In the past, you would have gone straight to your nearest second-hand car dealer. Mission accomplished. Now, there are classified ads, forums and websites. In other words, choice. But with choice comes more than one question.

The car team at Budget Direct Insurance is here to provide the answers you need.

What if I want…?

1. The most choice for the least amount of effort

If this is your goal, a good second-hand car dealer is a good option. It’s the quickest way to see a range of cars within your budget. And if you take a friend who knows about cars (or a mechanic), you could check the car over and make a deal the same day.

“Based on their wide network of sources, some car dealers are also able to attain different types of cars such as trade-ins to give customers what they want.” sgcarmart.com

Try to hit the car lots around the end of the month. Car dealers are targeted on sales, and with monthly commission incentives near, you are more likely to negotiate a higher discount.

2. The most car for the least money

You can buy the car of your dreams at auctions via a bidding system. Auction cars are normally repossessed from those who cannot keep up their monthly loans. The auction is a way for the finance companies to make good some of their losses.

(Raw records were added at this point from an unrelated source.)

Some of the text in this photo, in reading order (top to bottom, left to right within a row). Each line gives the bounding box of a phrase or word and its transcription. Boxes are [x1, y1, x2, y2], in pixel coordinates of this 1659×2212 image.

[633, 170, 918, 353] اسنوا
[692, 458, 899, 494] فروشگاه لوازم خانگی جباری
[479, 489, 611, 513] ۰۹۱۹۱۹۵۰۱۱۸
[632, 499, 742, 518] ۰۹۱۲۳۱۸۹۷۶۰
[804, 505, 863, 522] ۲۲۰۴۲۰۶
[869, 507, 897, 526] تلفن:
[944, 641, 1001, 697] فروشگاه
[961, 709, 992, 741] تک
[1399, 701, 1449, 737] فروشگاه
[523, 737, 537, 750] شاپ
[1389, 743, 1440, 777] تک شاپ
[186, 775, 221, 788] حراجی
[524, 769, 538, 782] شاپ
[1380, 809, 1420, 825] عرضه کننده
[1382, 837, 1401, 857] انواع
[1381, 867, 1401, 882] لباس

“In Singapore, car auctions are usually conducted via closed bidding where bids are to be sent in. Normally, there is no third party involved in the auction and interested buyers are usually able to view the cars before the auction, but no test drives are allowed.” sgcarmart.com

Cars sold at auction are cheaper than buying at a dealer. And if you are looking for a vintage car at a reasonable price, this may be the way to go.

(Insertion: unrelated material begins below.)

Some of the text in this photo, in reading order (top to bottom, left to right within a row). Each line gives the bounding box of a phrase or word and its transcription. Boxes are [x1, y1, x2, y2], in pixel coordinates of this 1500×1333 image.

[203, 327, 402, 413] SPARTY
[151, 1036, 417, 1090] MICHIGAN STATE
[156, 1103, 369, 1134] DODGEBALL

Be aware that rebuilt and otherwise damaged cars can also be sold at auction. The cars do not normally have warranties and you will need to obtain affordable car insurance. Be sure to do your research before you bid.

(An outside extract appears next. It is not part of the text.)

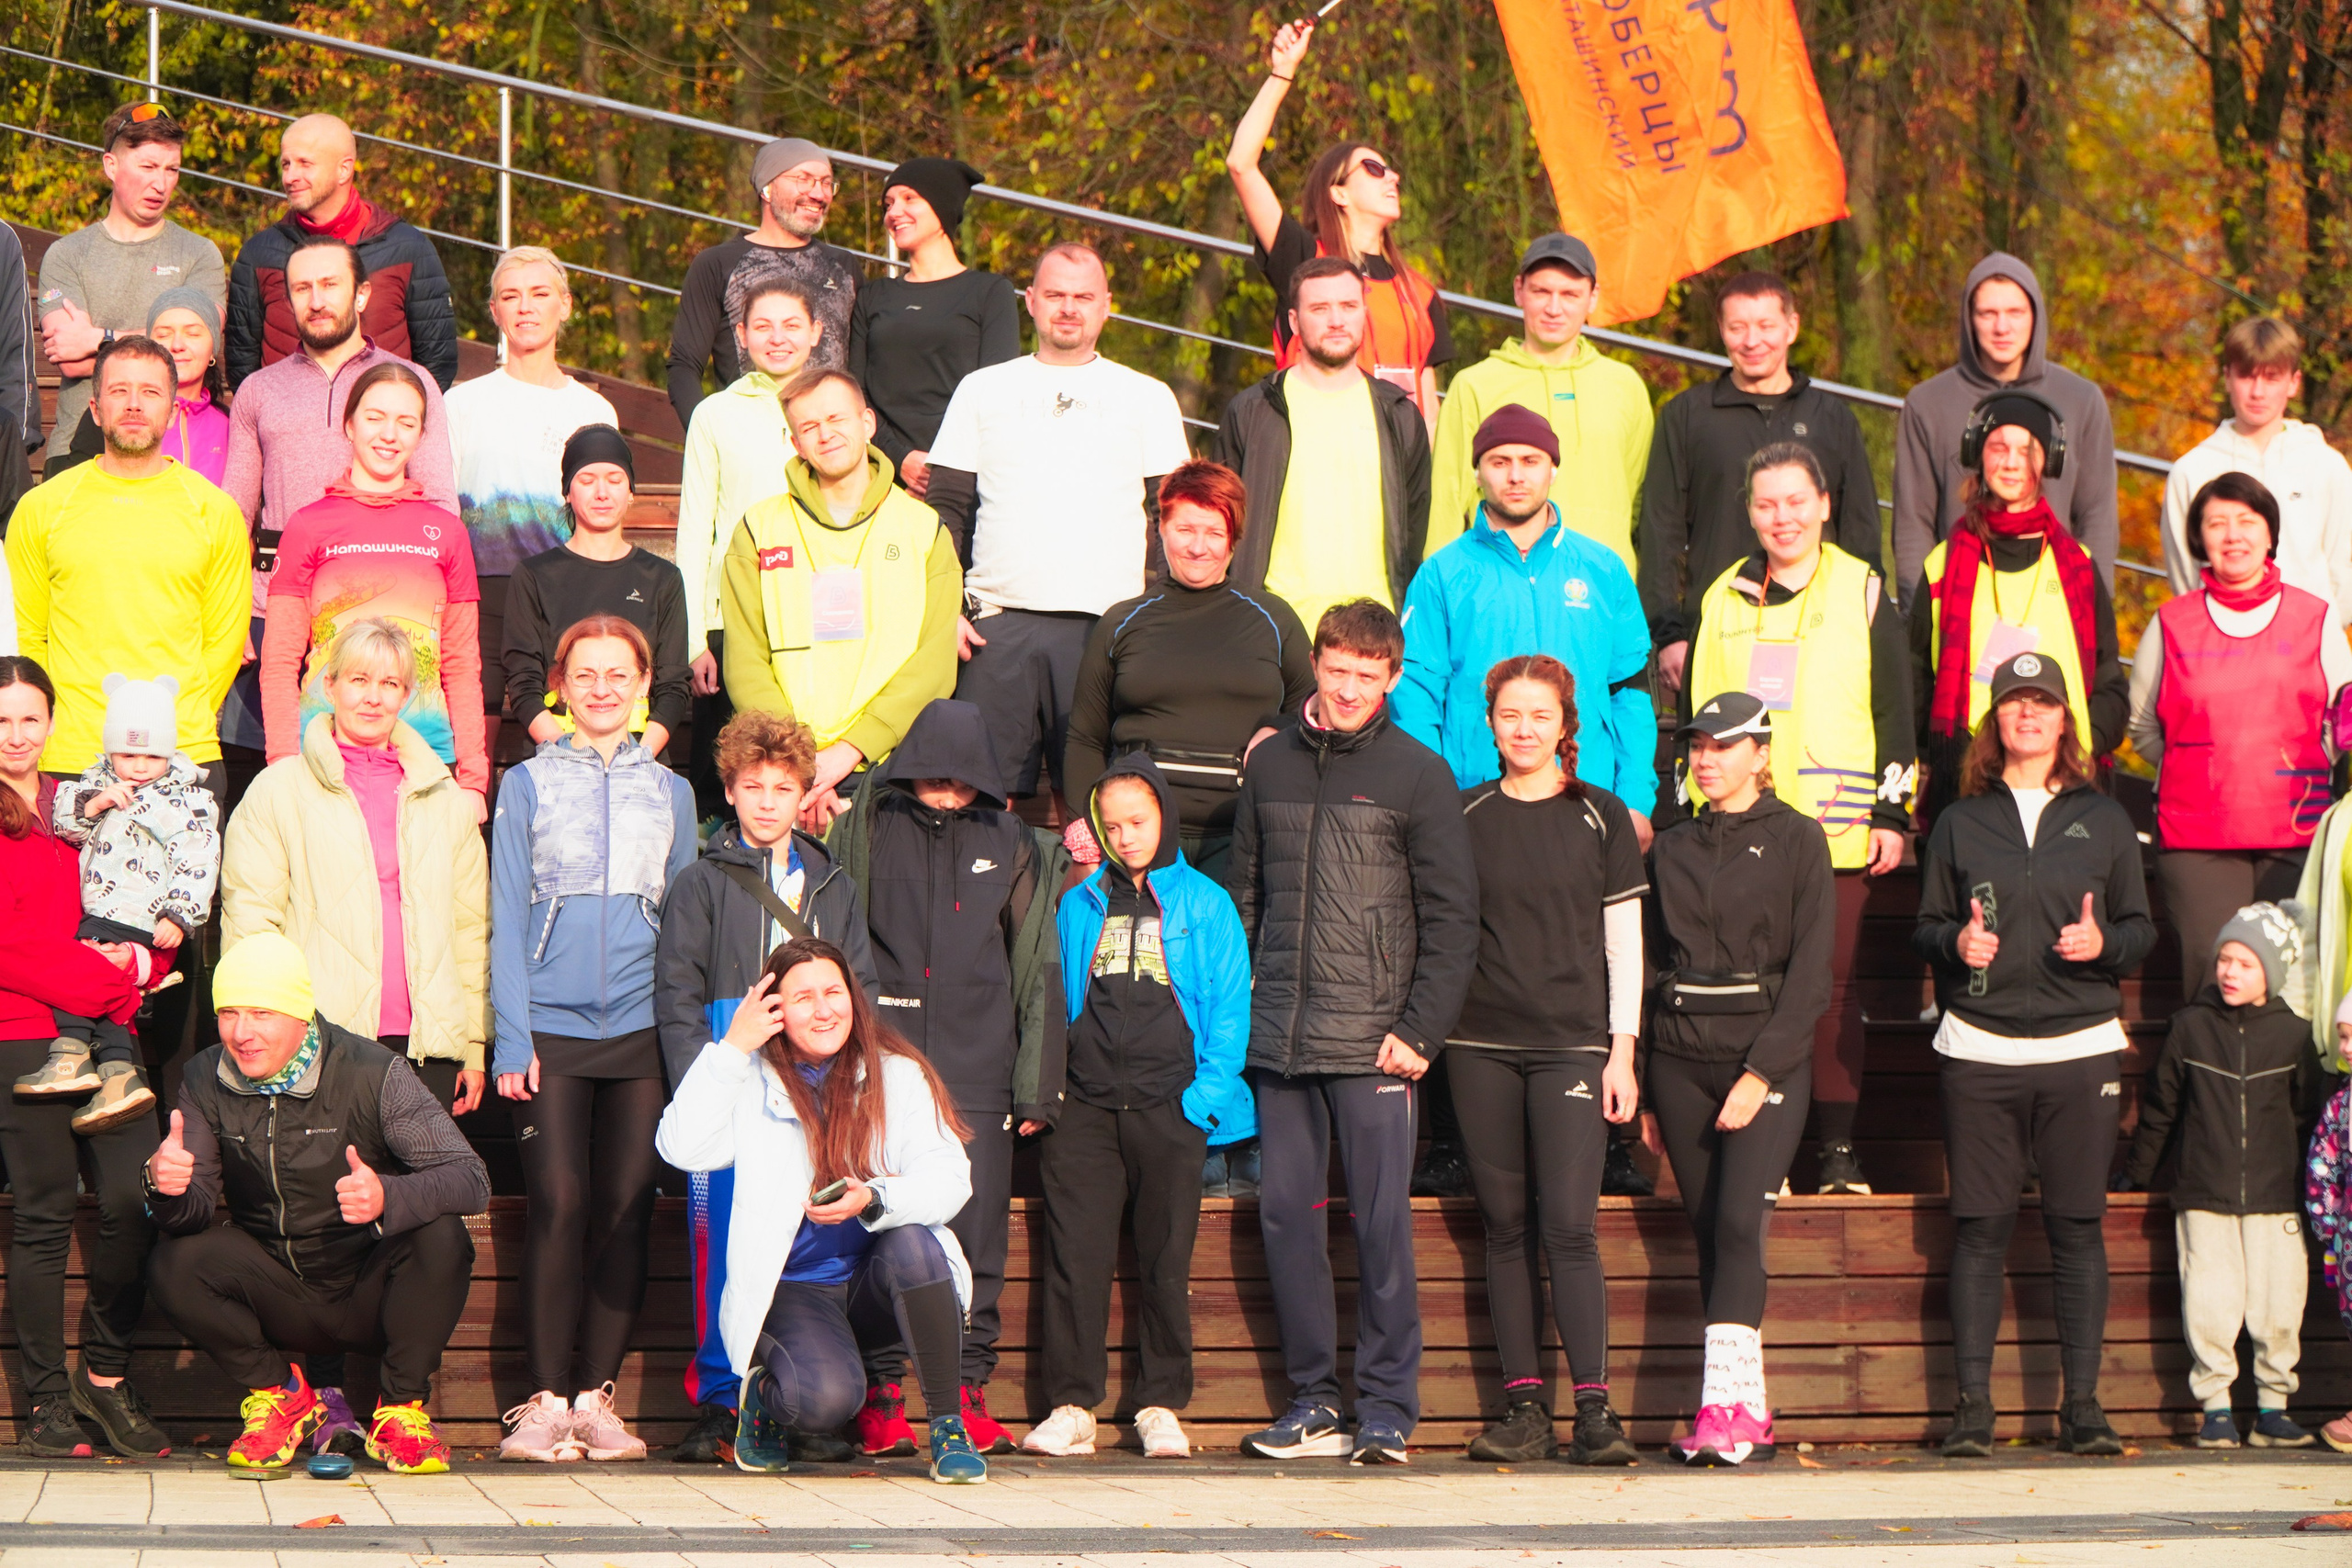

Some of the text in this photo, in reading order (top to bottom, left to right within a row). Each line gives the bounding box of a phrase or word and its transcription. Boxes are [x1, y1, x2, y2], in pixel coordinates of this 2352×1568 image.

3. The car no one else will have

If you are looking to be the person driving Steve McQueen’s Bullitt Mustang or you want to import your own car, here are the legal requirements -

  1. Compliance with Singapore’s Road Traffic Act Rules and its Subsidiary Legslations
  2. Registration inspection at LTA centre
  3. Safety glass to LTA standards
  4. Exhaust emission to NEA standards
  5. Right-hand drive
  6. Approved safety belts
  7. LTA approved car modifications
  8. Asbestos-free clutch and brake linings
  9. CFC-free air-conditioners
  10. Speedometer in km/h
  11. Less than three years old
  12. Payment surcharge of $10,000 for each imported used car in Singapore

Please check the LTA website for guidelines on self-importation and registration. Phew! You must really want that car...

4. Take my time and bargain down

Then buy a car direct from its owner. This way you can wait for the car you really want at the lowest price. The car you want may be anything from the cheapest available, to a Toyota/Lexus, to a Zonda.

If a Zonda owner is selling their car, you better believe they’ll be willing to bargain. Why? Because all the time that car is not sold it’s costing them their down payment for another car + maintenance fees ++. No one likes spending money on something they are trying to sell, so your bargaining power is high. Like great car insurance, there’s no middleman. And no expensive showroom to raise the price you pay for the car. Also, owners are more likely to tell you what the car is really like without the sales patter.

In most cases you will be able to test drive and see for yourself how the car handles.

The legal bit

You, as the buyer, pay for the car before getting car registration documents in your name. This can only happen after the car seller's loan has been cleared. You must also have car insurance in place before the transfer of ownership is approved.

5. Buy a pre-owned car without the risk

If COE prices increase, Singaporeans look more favourably at the lower costs of buying a pre-owned car. But, let’s be honest, some of us are not crazy about the risk attached to buying a car that has not just rolled out of the factory.

This is where authorised dealers come in.

Pre-owned cars from authorised dealers add significantly to the buyer’s peace of mind because all cars in this category undergo an extensive inspection. In addition, they often come with warranty and service guarantees.

6. Buy a pre-owned car without going for a test drive

This may be inconceivable to most Singaporean car buyers, especially when it comes to a pre-owned car. This is where companies like CARRO come in. To allay the fears of customers, CARRO is offering a three-day return policy and 30-day wear-and-tear guarantee for all cars purchased on their platform without a test drive.[1]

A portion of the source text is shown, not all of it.